Entre los factores de riesgo se encuentran antecedentes familiares de epilepsia, traumatismo craneal u otra condición que produzca daño cerebral.
Los siguientes factores pueden presentar un riesgo de empeorar las convulsiones en una persona con un trastorno convulsivo bien controlado con anterioridad:
Embarazo
Falta de sueño
Pasar por alto dosis de los medicamentos para la epilepsia
Consumo de alcohol u otras drogas psicoactivas
Ciertos medicamentos de prescripción
Enfermedad
Síntomas
La gravedad de los síntomas puede variar enormemente, desde simples episodios de ausencias hasta pérdida del conocimiento y convulsiones violentas. Para muchos pacientes, el evento es la misma situación una y otra vez, mientras que algunos pacientes tienen muchos tipos diferentes de convulsiones que producen síntomas diferentes cada vez. El tipo de convulsión que una persona experimenta depende de una variedad de muchas cosas, como la parte del cerebro que se encuentra afectada y la causa subyacente de dicha convulsión.
En algunas personas, se presenta un aura, que consiste en una sensación extraña (como hormigueo, olor o cambios emocionales), antes de cada convulsión. Las convulsiones se pueden presentar de manera repetitiva sin explicación.
Nota: los trastornos que pueden causar síntomas similares a las convulsiones comprenden accidente isquémico transitorio (AIT), ataques de ira o pánico y otros trastornos que causan pérdida del conocimiento.
SÍNTOMAS DE LAS CONVULSIONES GENERALIZADAS
Las convulsiones generalizadas afectan todo o la mayor parte del cerebro. Entre ellas se encuentran las ausencias y las convulsiones tonicoclónicas generalizadas.
Ausencias:
Movimientos mínimos o inmovilidad (por lo general, a excepción del "parpadeo") que puede parecer una mirada en blanco
Pérdida repentina y breve del conocimiento o la actividad consciente que puede durar sólo unos segundos
Se repite muchas veces
Ocurre más a menudo en la niñez
Disminución del aprendizaje (con frecuencia se cree que el niño sueña despierto)
Convulsiones tonicoclónicas generalizadas :
Contracciones musculares violentas en todo el cuerpo
Rígido y tenso
Afecta una parte importante del cuerpo
Pérdida del conocimiento
La respiración se suspende temporalmente, seguida de un suspiro
Incontinencia urinaria
Mordeduras en la lengua o las mejillas
Confusión después de la convulsión
Debilidad después de la convulsión (parálisis de Todd)
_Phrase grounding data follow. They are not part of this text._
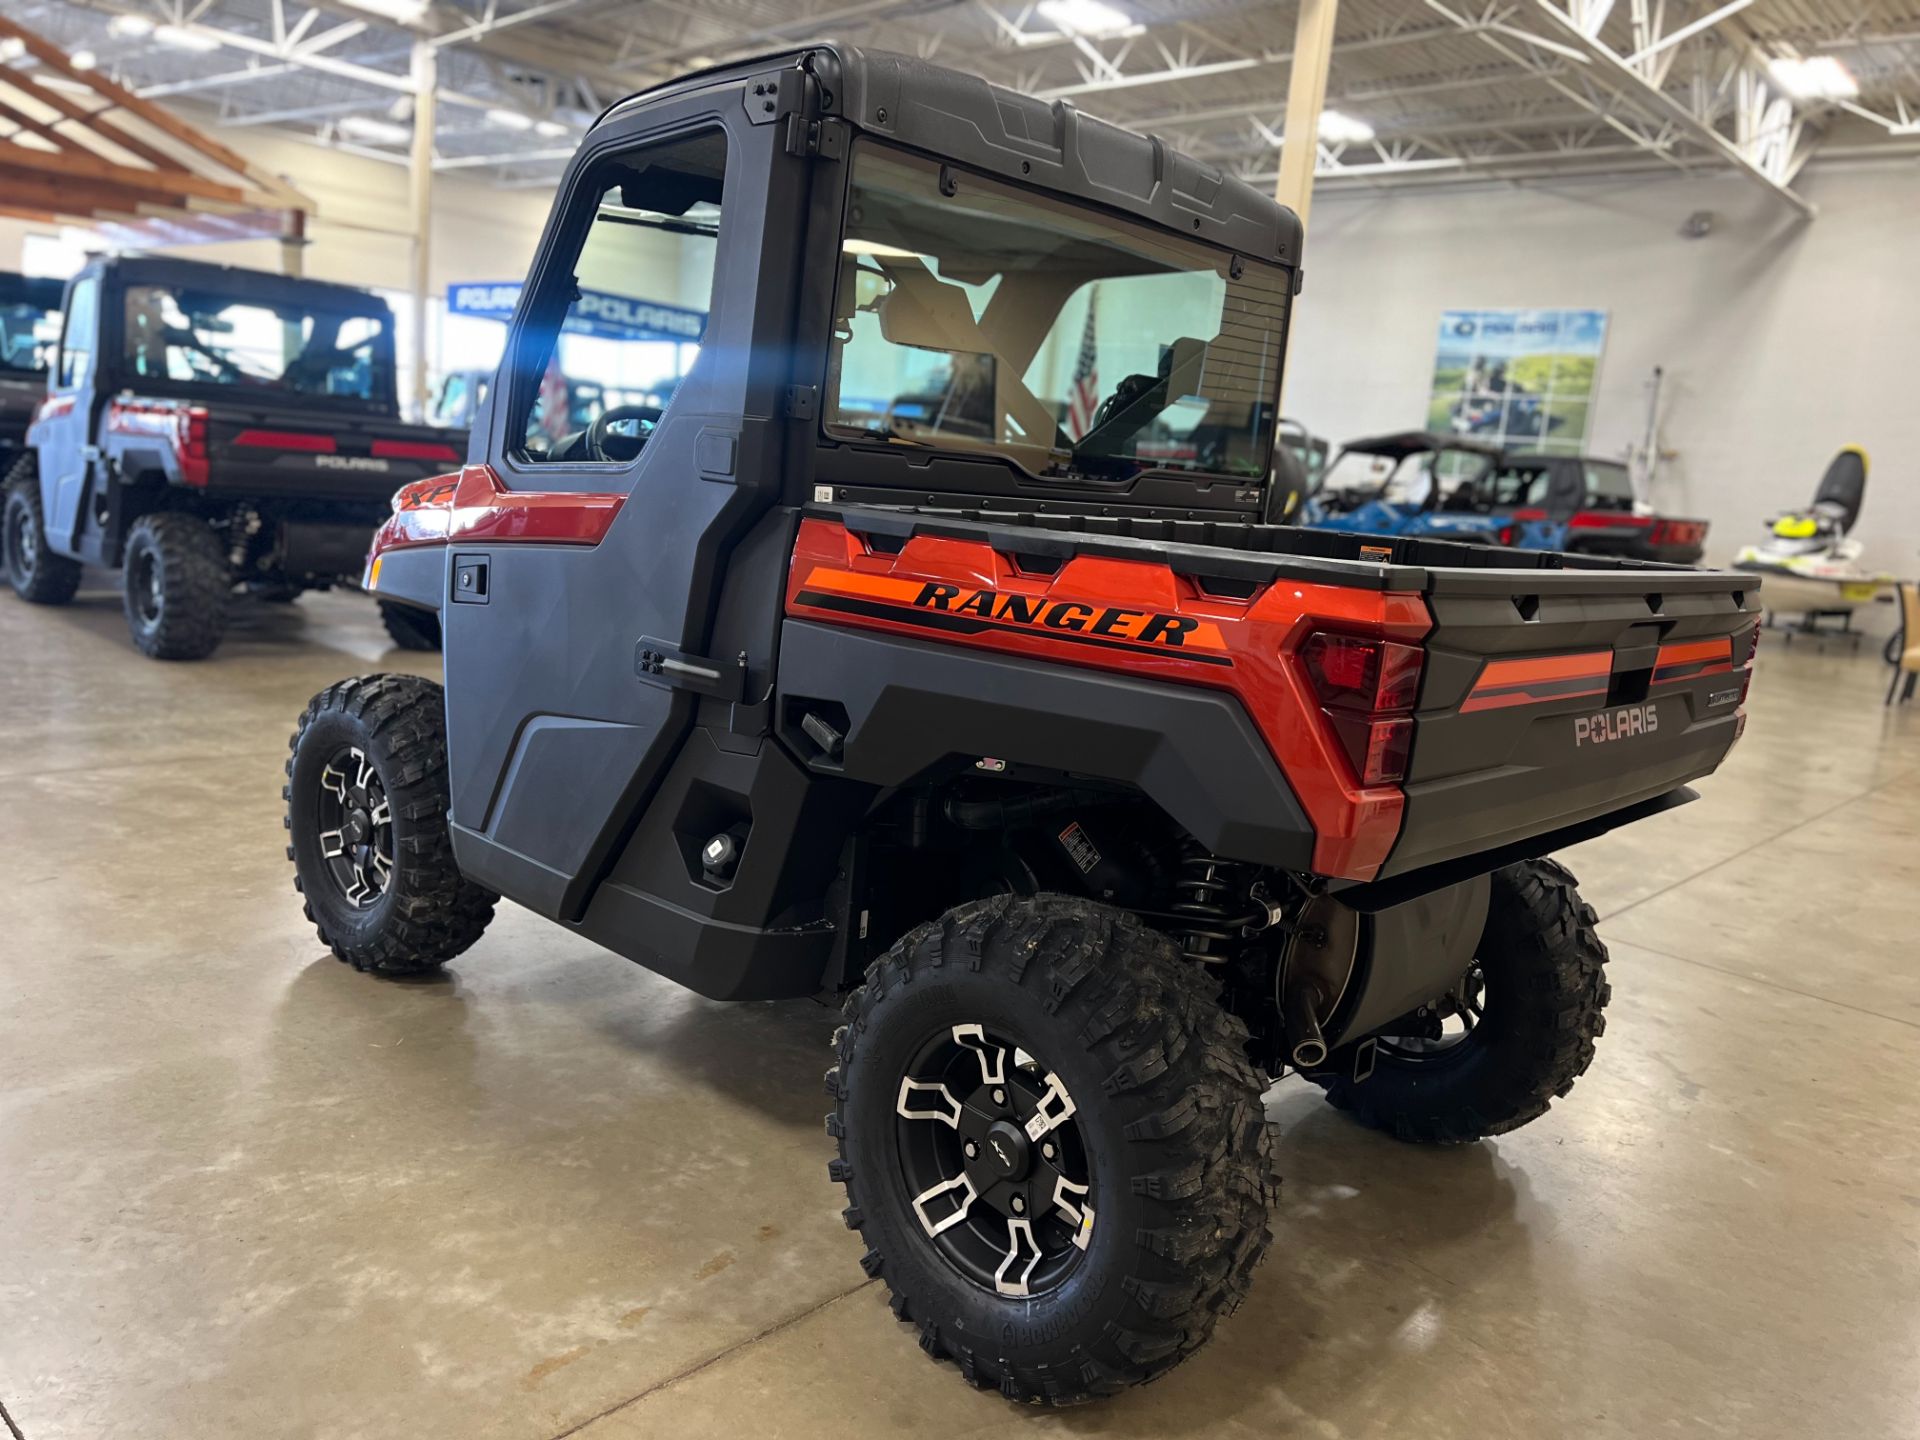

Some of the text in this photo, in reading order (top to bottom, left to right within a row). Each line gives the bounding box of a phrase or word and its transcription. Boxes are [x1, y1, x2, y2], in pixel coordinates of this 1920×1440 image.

[456, 287, 522, 309] POLAR
[577, 292, 701, 337] POLARIS
[315, 454, 389, 472] POLARIS
[912, 582, 1198, 646] RANGER
[1574, 704, 1658, 747] POLARIS
SÍNTOMAS DE LAS CONVULSIONES PARCIALES (SIMPLES Y COMPLEJAS)
Las convulsiones parciales pueden ser simples o complejas y afectan sólo una porción del cerebro.
Los síntomas de las convulsiones parciales simples (focales) pueden ser:
Contracciones musculares de una parte específica del cuerpo
Sensaciones anormales
Náuseas
Sudoración
Enrojecimiento de la piel
Pupilas dilatadas
Los síntomas de las convulsiones parciales complejas pueden ser:
Automatismo (ejecución automática de conductas complejas sin percepción consciente)
Sensaciones anormales
Náuseas
Sudoración
Enrojecimiento de la piel
Pupilas dilatadas
Emociones recordadas o inapropiadas
Cambios en la personalidad o lucidez mental
Se puede perder o no el conocimiento
Problemas con los sentidos del olfato y el gusto si la epilepsia está focalizada en el lóbulo temporal del cerebro
Tratamiento
Para el tratamiento de las convulsiones, por favor ver primeros auxilios en caso de convulsiones.
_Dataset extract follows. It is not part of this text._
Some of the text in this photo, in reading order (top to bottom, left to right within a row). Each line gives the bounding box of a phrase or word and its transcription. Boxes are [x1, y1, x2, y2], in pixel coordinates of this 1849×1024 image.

Si se ha identificado y tratado una causa subyacente de las convulsiones recurrentes, como una infección, dichas convulsiones deben cesar. El tratamiento puede incluir la reparación quirúrgica de tumores o lesiones cerebrales.
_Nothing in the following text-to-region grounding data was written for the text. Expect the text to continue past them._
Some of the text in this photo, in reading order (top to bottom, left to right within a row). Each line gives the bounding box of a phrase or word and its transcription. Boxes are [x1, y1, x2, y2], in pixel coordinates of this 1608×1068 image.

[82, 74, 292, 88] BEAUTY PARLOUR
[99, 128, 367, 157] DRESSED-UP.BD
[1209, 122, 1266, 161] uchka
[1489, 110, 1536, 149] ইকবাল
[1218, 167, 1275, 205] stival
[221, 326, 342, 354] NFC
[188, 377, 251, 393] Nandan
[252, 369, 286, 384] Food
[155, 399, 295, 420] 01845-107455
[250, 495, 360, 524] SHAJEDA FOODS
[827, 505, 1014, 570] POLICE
Los anticonvulsivos por vía oral pueden reducir el número de convulsiones futuras. La eficacia del medicamento depende de la respuesta de cada individuo a la droga. El tipo de medicamento que se utiliza depende del tipo de convulsión y es posible que se tenga que ajustar la dosis de vez en cuando. Algunos tipos de convulsiones responden bien a un medicamento y pueden responder muy poco (e incluso hacer empeorar) con otros. Es necesario vigilar algunos medicamentos con relación a sus efectos secundarios y niveles en la sangre.
La epilepsia que no responde al uso de algunos medicamentos se denomina epilepsia resistente al tratamiento. Ciertas personas con este tipo de epilepsia se podrían beneficiar de la cirugía cerebral para extirpar las células cerebrales anómalas que están provocando las convulsiones. A otras les puede ayudar el uso de un estimulador del nervio vago, que se implanta en el pecho y que puede ayudar a reducir el número de convulsiones.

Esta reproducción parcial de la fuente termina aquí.